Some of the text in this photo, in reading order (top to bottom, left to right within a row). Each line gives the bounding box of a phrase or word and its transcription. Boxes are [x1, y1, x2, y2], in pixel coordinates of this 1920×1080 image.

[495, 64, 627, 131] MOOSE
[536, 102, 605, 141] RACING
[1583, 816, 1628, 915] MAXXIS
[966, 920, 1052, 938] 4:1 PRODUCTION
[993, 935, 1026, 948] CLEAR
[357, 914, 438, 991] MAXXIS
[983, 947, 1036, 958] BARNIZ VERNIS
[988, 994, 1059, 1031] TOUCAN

→ **REQUIRED WORK**:
Each line of the material should be duplicated exactly, please.

→ **ANSWER SPACE**:
Some of the text in this photo, in reading order (top to bottom, left to right within a row). Each line gives the bounding box of a phrase or word and its transcription. Boxes are [x1, y1, x2, y2], in pixel coordinates of this 1920×1080 image.

[495, 64, 627, 131] MOOSE
[536, 102, 605, 141] RACING
[1583, 816, 1628, 915] MAXXIS
[966, 920, 1052, 938] 4:1 PRODUCTION
[993, 935, 1026, 948] CLEAR
[357, 914, 438, 991] MAXXIS
[983, 947, 1036, 958] BARNIZ VERNIS
[988, 994, 1059, 1031] TOUCAN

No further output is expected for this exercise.